Start of Block

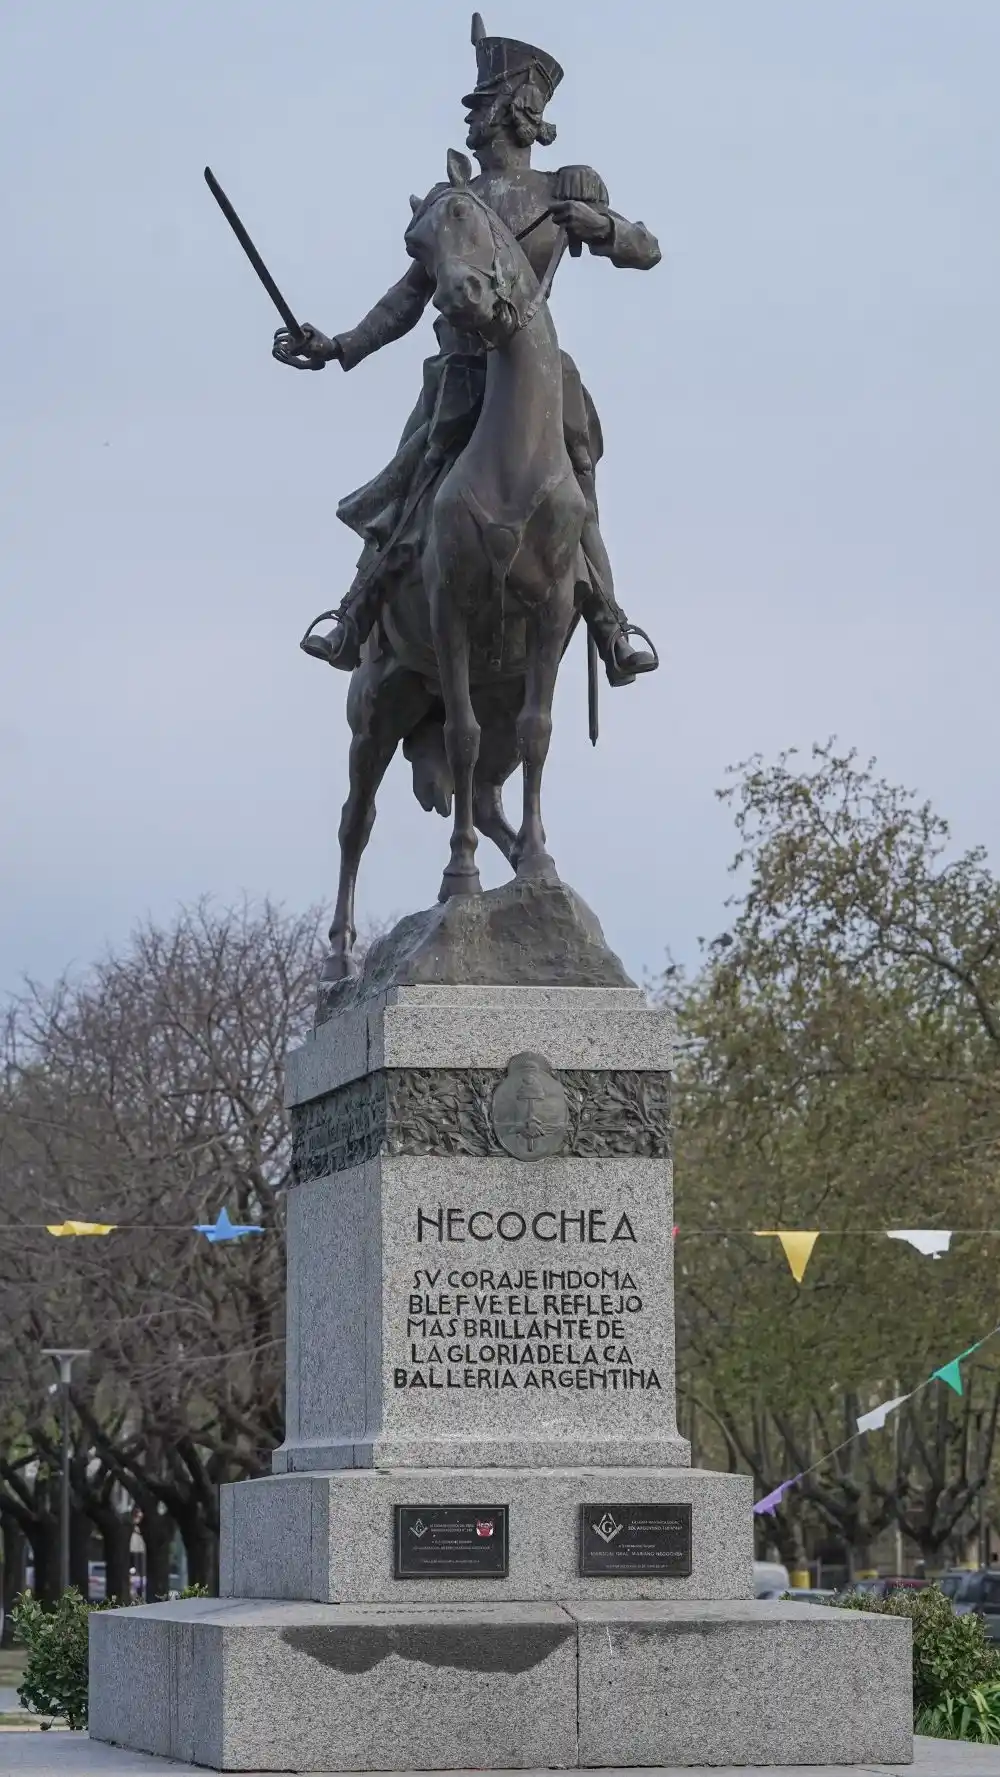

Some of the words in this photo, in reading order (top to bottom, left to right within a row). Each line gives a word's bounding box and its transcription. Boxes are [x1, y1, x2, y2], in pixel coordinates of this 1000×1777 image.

[417, 1208, 637, 1242] NECOCHEA
[413, 1269, 441, 1290] SV
[447, 1269, 538, 1290] CORAJE
[542, 1269, 637, 1290] INDOMA
[409, 1294, 450, 1316] BLE
[456, 1294, 502, 1316] FVE
[508, 1294, 537, 1316] EL
[543, 1294, 642, 1316] REFLEJO
[407, 1318, 457, 1339] MAS
[464, 1318, 591, 1339] BRILLANTE
[596, 1318, 624, 1339] DE
[411, 1343, 443, 1365] LA
[447, 1343, 533, 1365] GLORIA
[602, 1343, 633, 1365] CA
[394, 1368, 518, 1390] BALLERIA
[523, 1368, 661, 1390] ARGENTINA

End of Block

With the pictures set aside, copy each line above as written.

Answer
Some of the words in this photo, in reading order (top to bottom, left to right within a row). Each line gives a word's bounding box and its transcription. Boxes are [x1, y1, x2, y2], in pixel coordinates of this 1000×1777 image.

[417, 1208, 637, 1242] NECOCHEA
[413, 1269, 441, 1290] SV
[447, 1269, 538, 1290] CORAJE
[542, 1269, 637, 1290] INDOMA
[409, 1294, 450, 1316] BLE
[456, 1294, 502, 1316] FVE
[508, 1294, 537, 1316] EL
[543, 1294, 642, 1316] REFLEJO
[407, 1318, 457, 1339] MAS
[464, 1318, 591, 1339] BRILLANTE
[596, 1318, 624, 1339] DE
[411, 1343, 443, 1365] LA
[447, 1343, 533, 1365] GLORIA
[602, 1343, 633, 1365] CA
[394, 1368, 518, 1390] BALLERIA
[523, 1368, 661, 1390] ARGENTINA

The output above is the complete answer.